Further, although Perl 6 is the time to make such a change, I'm not
convinced the change is really necessary. We might be able to avoid a
few uses of C<< >>, but is that a big enough win to change *yet
another* aspect of Perl? Especially an aspect programmers can--and
traditionally did--ignore?
> > The most common use of them in Perl 5--method call/dereference--is
> > going away in Perl 6
>
> Hmm, I remain unconvinced of that as the most common use, especially
> with the copious use of =>. Still, in my local source tree you're right,
> though by < a factor of 2.
Are you looking at your entire source tree, or just the Pod in it?
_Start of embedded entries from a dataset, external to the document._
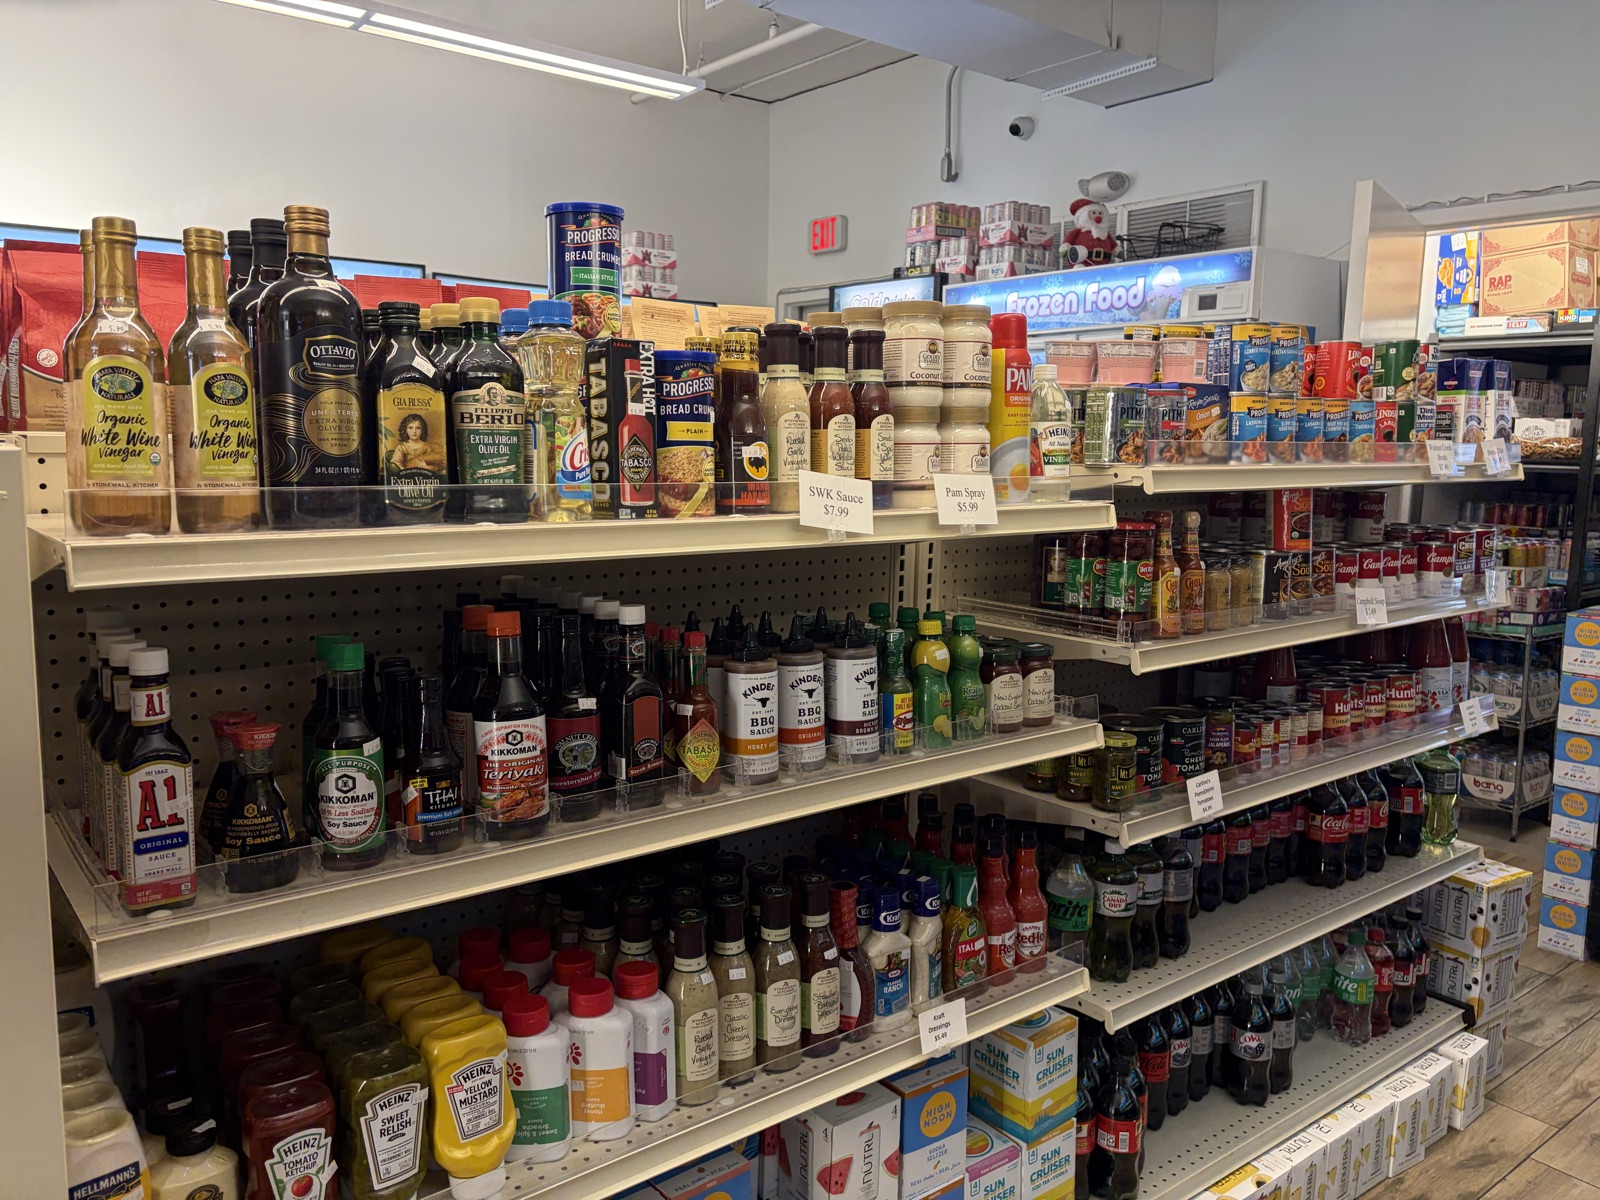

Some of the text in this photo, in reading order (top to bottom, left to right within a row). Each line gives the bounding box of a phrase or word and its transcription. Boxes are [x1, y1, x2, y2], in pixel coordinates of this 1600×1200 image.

[568, 228, 620, 243] PROGRESSO
[812, 218, 837, 250] EXIT
[565, 251, 593, 262] BREAD
[601, 274, 614, 282] STYLE
[1489, 274, 1512, 289] RAP
[1006, 276, 1146, 318] Frozen Food
[1560, 314, 1578, 322] KIND
[310, 345, 356, 360] OTTAVIO
[640, 342, 656, 416] EXTRA HOT
[910, 371, 938, 380] Coconut
[964, 373, 990, 382] Coconut
[662, 378, 714, 396] PROGRESSO
[100, 392, 136, 400] NATURALS
[393, 397, 430, 407] GIA RUSSA
[660, 404, 690, 416] BREAD
[1196, 412, 1210, 420] Onion
[97, 410, 148, 428] Organic
[210, 414, 251, 433] Organic
[309, 418, 336, 426] EXTRA
[460, 412, 524, 425] BERIO
[589, 357, 610, 500] TABASCO
[1049, 428, 1070, 438] HEINZ
[81, 427, 160, 448] White Wine
[190, 430, 234, 449] White
[470, 434, 518, 444] EXTRA VIRGIN
[99, 447, 145, 462] Vinegar
[478, 445, 510, 454] OLIVE OIL
[212, 450, 250, 464] Vinegar
[620, 458, 652, 466] TABASCO
[391, 478, 440, 489] Extra Virgin
[809, 486, 864, 504] SWK Sauce
[946, 488, 986, 500] Pam Spray
[824, 504, 849, 517] $7.99
[958, 502, 978, 512] $5.99
[1028, 698, 1046, 706] Cocktail
[798, 706, 822, 718] BBQ
[750, 716, 775, 728] BBQ
[798, 716, 822, 726] SAUCE
[750, 726, 776, 736] SAUCE
[798, 732, 822, 740] ORIGINAL
[856, 726, 874, 734] BROWN
[490, 744, 537, 757] KIKKOMAN
[503, 756, 543, 767] ORIGINAL
[484, 764, 544, 781] Teriyaki
[630, 766, 646, 776] Steak
[1196, 778, 1211, 788] Carlino's
[1474, 777, 1504, 794] bang
[320, 792, 374, 805] KIKKOMAN
[424, 787, 458, 804] THAI
[1197, 796, 1214, 806] Tomatoes
[334, 806, 376, 817] Less Sodium
[430, 801, 458, 810] KITCHEN
[232, 815, 272, 825] KIKKOMAN
[417, 812, 440, 821] premium
[327, 819, 368, 830] Soy Sauce
[140, 837, 184, 850] ORIGINAL
[225, 834, 282, 846] Soy Sauce
[148, 852, 177, 862] SAUCE
[1476, 886, 1484, 894] 12
[1108, 902, 1122, 910] DRY
[884, 982, 904, 994] RANCH
[770, 1003, 799, 1017] Everything
[724, 1013, 749, 1022] Classic
[934, 1012, 945, 1022] Kraft
[726, 1024, 748, 1034] Greek
[928, 1020, 951, 1034] Dressings
[724, 1032, 751, 1046] Dressing
[934, 1032, 948, 1042] $5.49
[986, 1043, 1008, 1063] SUN
[1046, 1046, 1065, 1064] SUN
[974, 1049, 1020, 1083] CRUISER
[1036, 1054, 1074, 1083] CRUISER
[462, 1065, 492, 1084] HEINZ
[1056, 1068, 1072, 1082] VODKA
[464, 1078, 492, 1096] YELLOW
[998, 1074, 1016, 1090] VODKA
[378, 1092, 412, 1112] HEINZ
[459, 1084, 498, 1108] MUSTARD
[926, 1102, 951, 1116] HIGH
[381, 1110, 410, 1127] SWEET
[924, 1112, 952, 1129] NOON
[380, 1118, 412, 1138] RELISH
[539, 1128, 558, 1136] Sweet
[282, 1137, 318, 1158] HEINZ
[928, 1144, 946, 1154] VODKA
[282, 1152, 319, 1171] TOMATO
[926, 1148, 948, 1163] SELTZER
[1040, 1146, 1061, 1164] SUN
[285, 1161, 318, 1178] KETCHUP
[1030, 1154, 1070, 1184] CRUISER
[73, 1166, 136, 1200] HELLMANN'S
[674, 1166, 725, 1194] REAL REAL
[984, 1178, 1006, 1196] SUN
The code in Pod--and especially the short snippets of code typically
included in a C<> construct--is very different from arbitrary Perl
code.
> Perl 6 also adds new uses of E<gt> and E<lt> for pipelining, and further
> expands the usefulness of the => operator as a pair constructor. Rules
> also add new uses of these characters, but those are balanced, so
> improving POD with a real grammar specification would solve for that.
I definitely support intelligently defining the way Pod handles angle
brackets which aren't part of a formatting code. I also think writing
a reference grammar would be an excellent idea.
> Thanks Brent, I'm not sure if you intended your mail as an endorsement,
> but other than one sticking point, you and I appear to be on the same
> page. Thank you for your message.
I intended my e-mail to be an endorsement of Pod as it exists, with
extensions rather than a redesign. I think you have mostly the right
idea, but I really don't think switching to square brackets is
necessary.
By the way, I think I've seen a few people suggest some sort of
syntax-switching mechanism for "Pod6". The day people have to think
about what dialect of Pod they're using is the day Pod dies as a
useful documentation language.
I think you're thinking of something else. I'm talking about Luke's
proposal from this very list, back in Aug, which was a followup on
Larry's comments about my proposal, and which I agreed was far better
than what I had suggested in the first place.
> > and the hacks in
> > pod syntax (e.g. C<< < >>) to get around this are glaring anti-
> > huffmanisms.
>
> Whatever bracketing character we decide to use, there will always be
> occasions where we need to use it in an unbalanced way within a
> formatting code.
Absolutely yes. See C[...] vs C{...} vs C[\]]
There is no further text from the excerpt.